Ma position de président est inconfortable. Je n'ai pas le pouvoir d'agir avant que les décisions soient rendues, ni de les commenter quand elles l'ont été.
En matière de prévention, une commission Dérives a été créée dès le mois suivant mon élection. Composée de psychologues, de juges pour enfants, de cadres d'État, de juristes, d'élus locaux et de victimes, elle a pour objectif de proposer des actions de prévention. Elle a produit depuis trois ans de nombreux documents supports à destination de notre communauté, et a élaboré les critères de désignation et une partie du contenu de la formation des quinze référents nommés dans l'ensemble du territoire. Tous ses rapports sont diffusés aux membres du CA et de l'assemblée générale (AG).
Depuis cet été, tous nos encadrants, professeurs, arbitres et dirigeants, ont suivi deux modules obligatoires de formation de lutte contre les violences.
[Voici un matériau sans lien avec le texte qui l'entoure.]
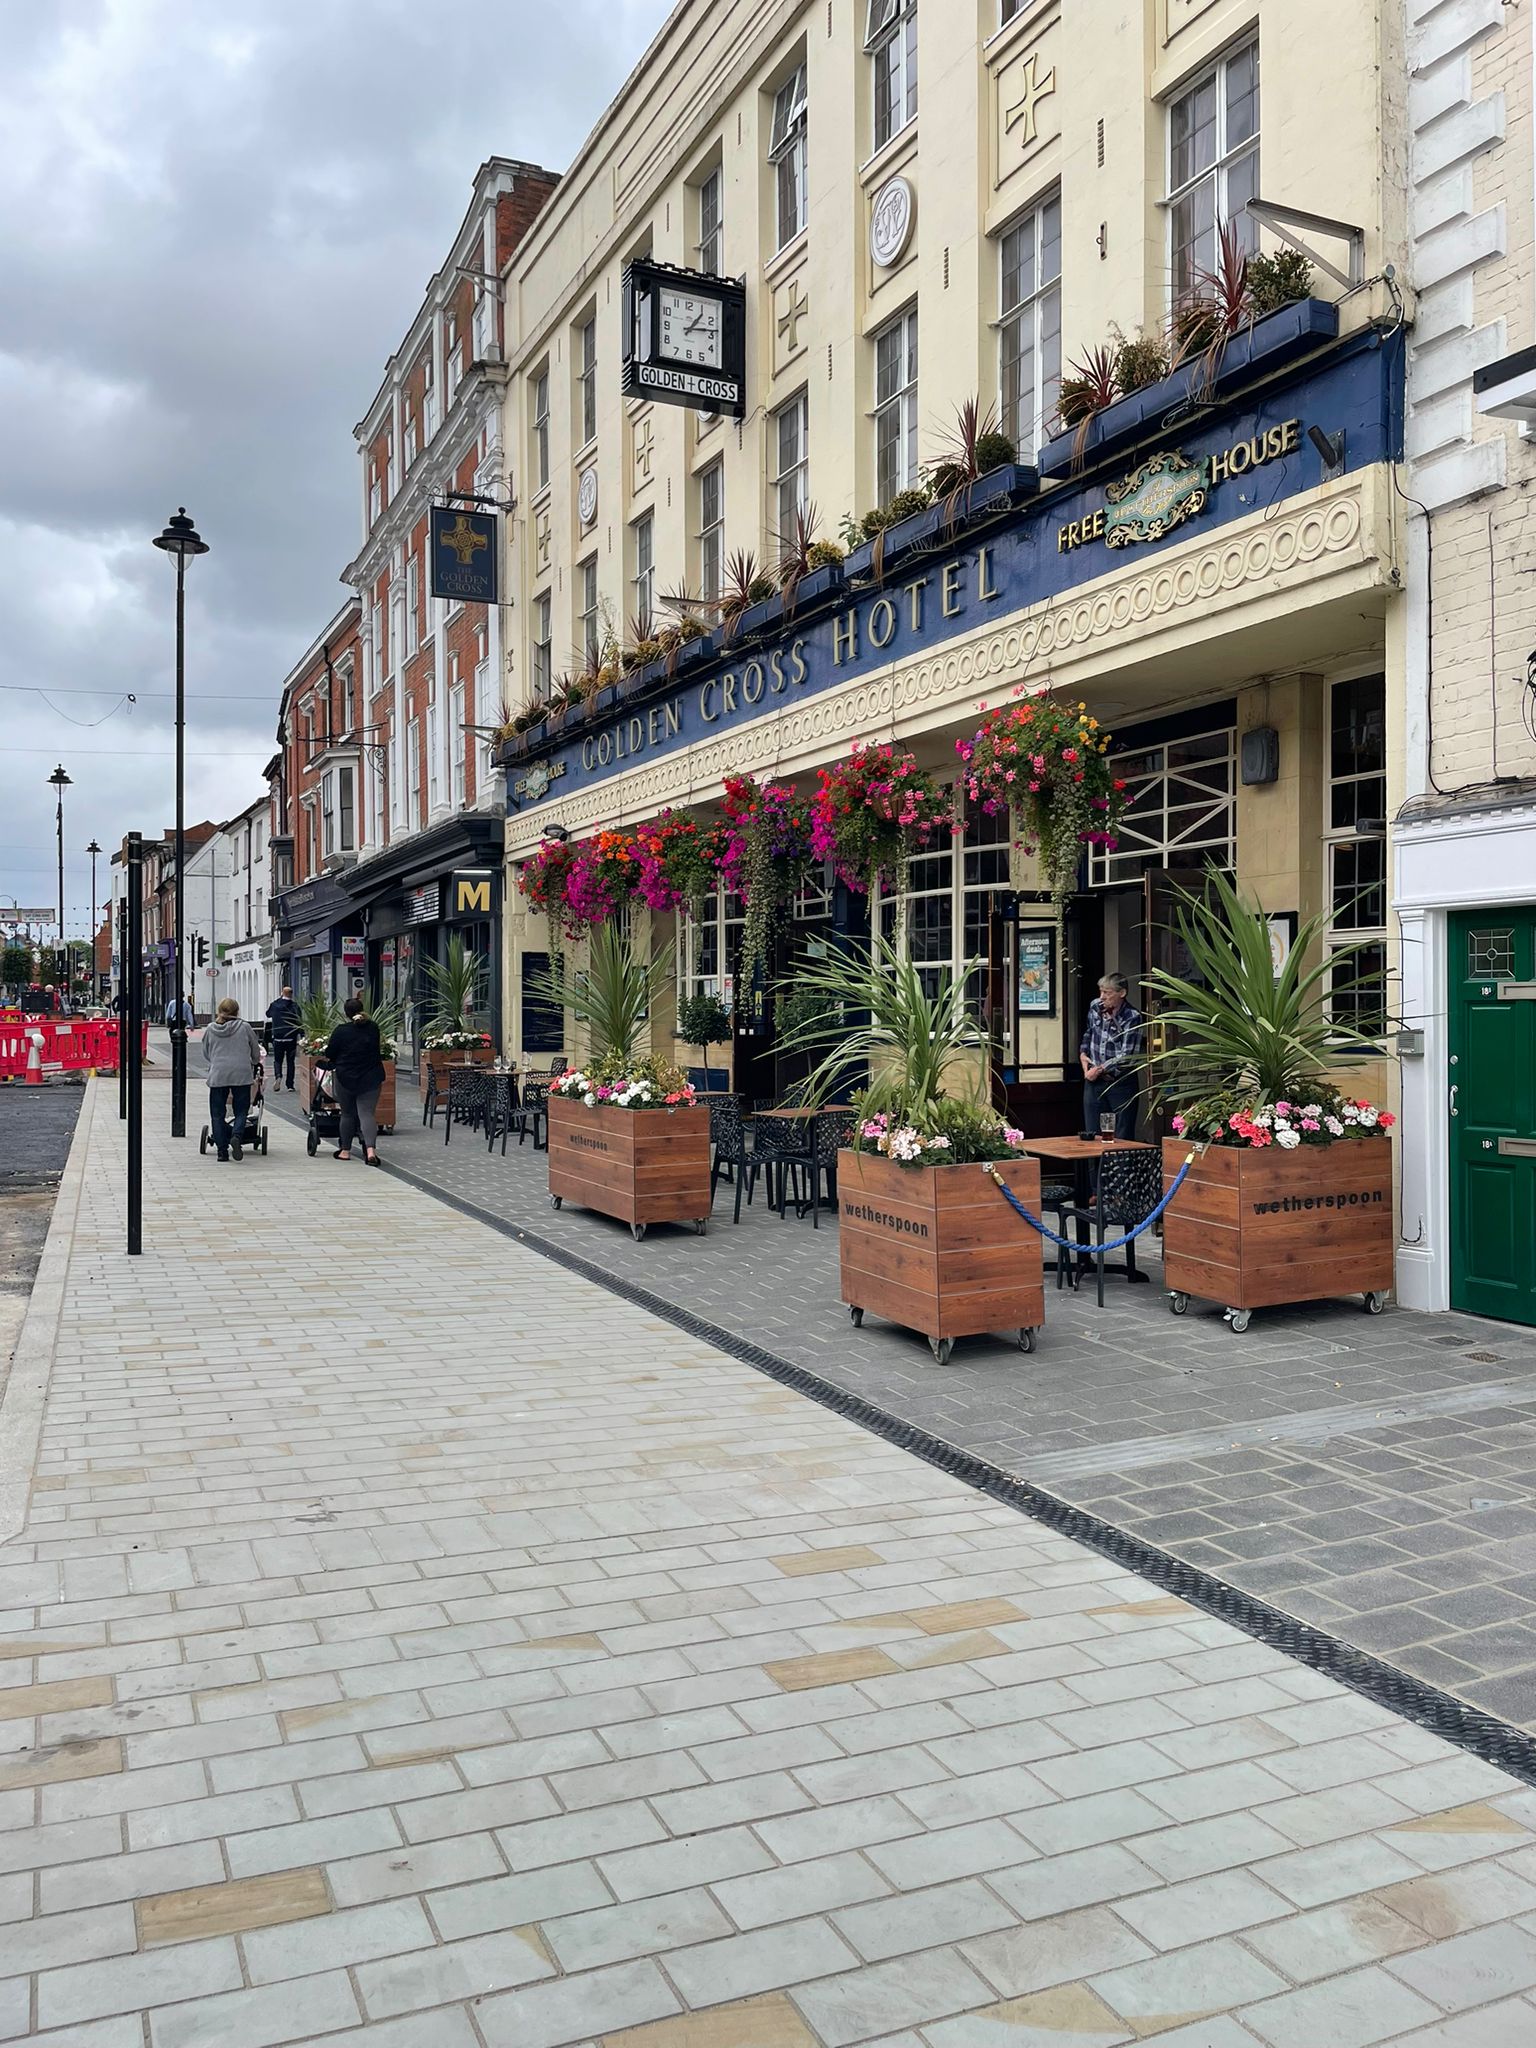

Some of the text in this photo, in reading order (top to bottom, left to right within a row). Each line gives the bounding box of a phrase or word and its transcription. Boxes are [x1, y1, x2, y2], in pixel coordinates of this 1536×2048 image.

[674, 299, 680, 308] 11
[685, 301, 694, 312] 12
[663, 306, 672, 316] 10
[664, 321, 671, 330] 9
[708, 316, 715, 326] 2
[664, 335, 671, 344] 8
[673, 346, 680, 356] 7
[708, 344, 714, 353] 4
[685, 350, 693, 359] 6
[698, 352, 706, 362] 5
[641, 367, 736, 400] GOLDEN CROSS
[1211, 418, 1300, 484] HOUSE
[1057, 509, 1104, 553] FREE
[440, 571, 488, 585] GOLDEN
[447, 581, 482, 594] CROSS
[581, 547, 998, 771] GOLDEN CROSS HOTEL
[457, 881, 491, 912] M
[1021, 938, 1049, 946] Afternoon
[1026, 945, 1043, 953] deals
[569, 1134, 608, 1152] wetherspoon
[1253, 1189, 1382, 1215] wetherspoon
[845, 1203, 929, 1237] wetherspoon
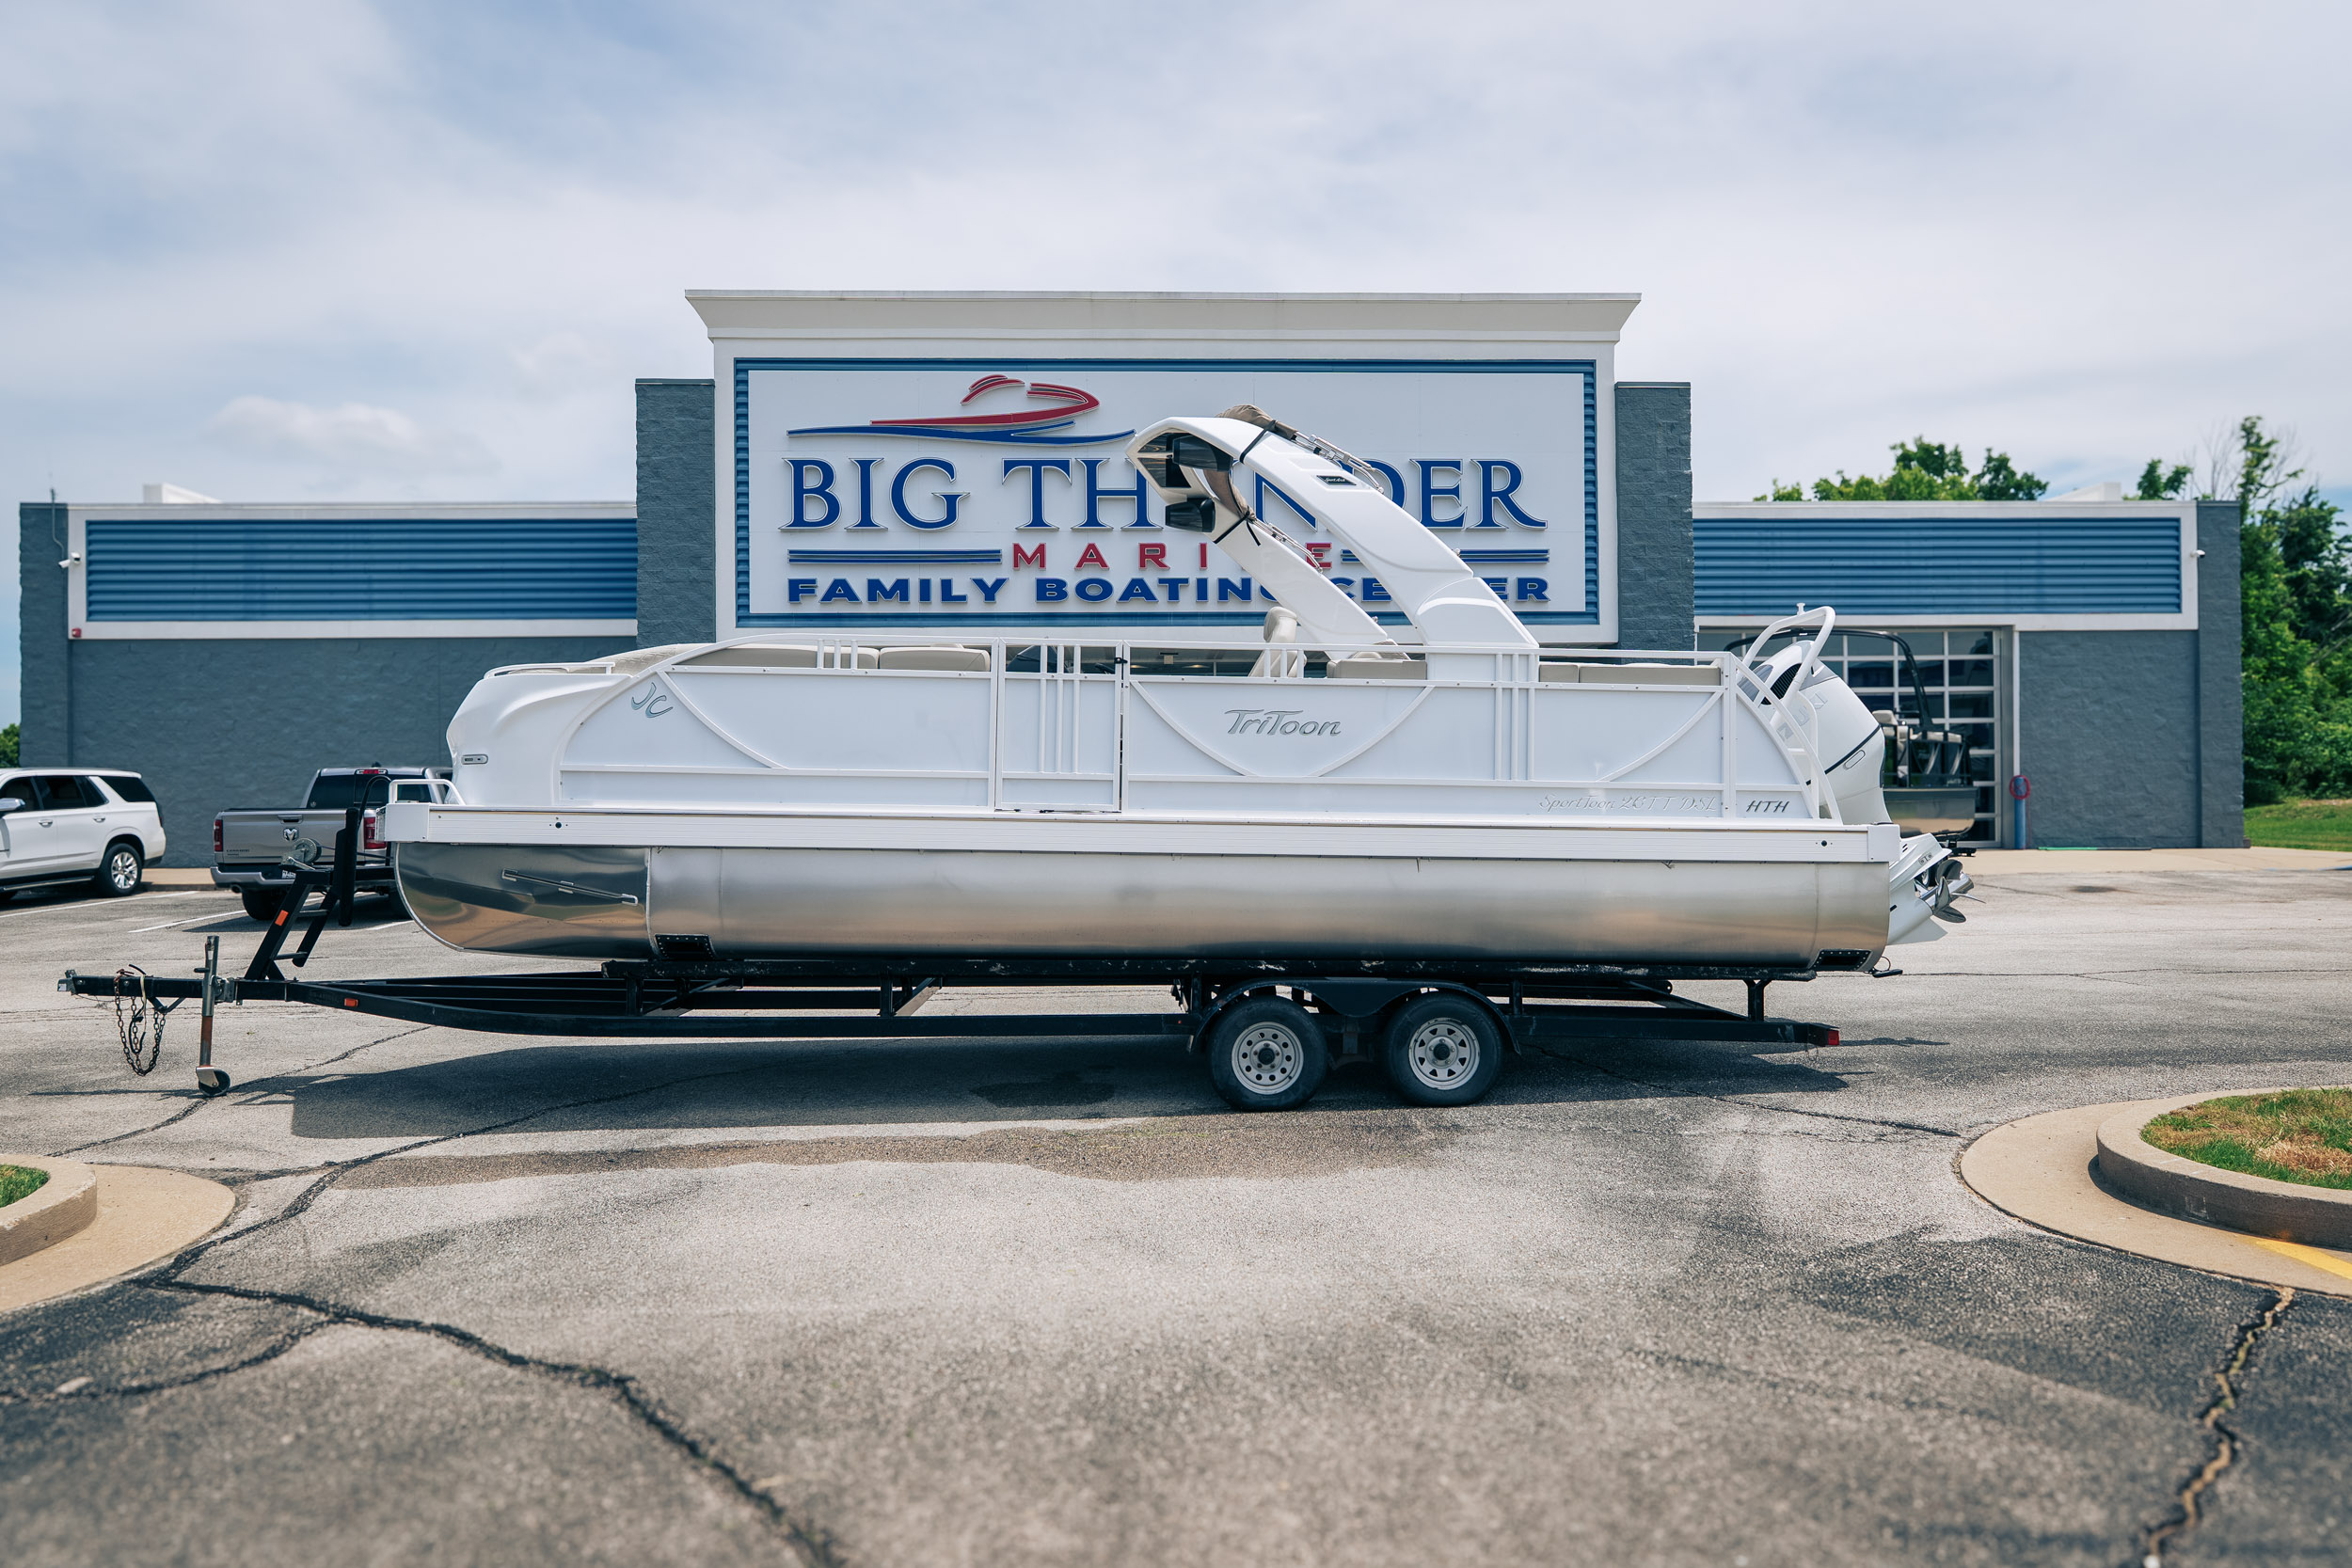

Le premier porte sur la posture éthique et déontologique, le second sur les violences sexistes et sexuelles.
La Fédération a d'ailleurs signé dès le début de mon mandat un partenariat avec deux associations spécialisées, Colosse aux pieds d'argile et Les Papillons. L'association Colosse propose aux victimes un accompagnement psychologique que la Fédération ne saurait offrir, car elle ne dispose pas des compétences spécifiques et, j'insiste sur ce point, serait mal placée pour guérir une blessure reçue en son sein. Nous avons cependant amélioré la prise en charge des victimes par les services de l'assurance fédérale.
Pour finir, je voudrais profiter de l'occasion qui m'est donnée de m'exprimer pour demander pardon, au nom de la Fédération, à toutes les personnes qui, par le passé, ont été victimes de violences dans nos clubs et dans nos structures. Le mal qui leur a été fait, alors que nous aurions dû les protéger, restera une ombre qu'aucune médaille ne saurait dissiper.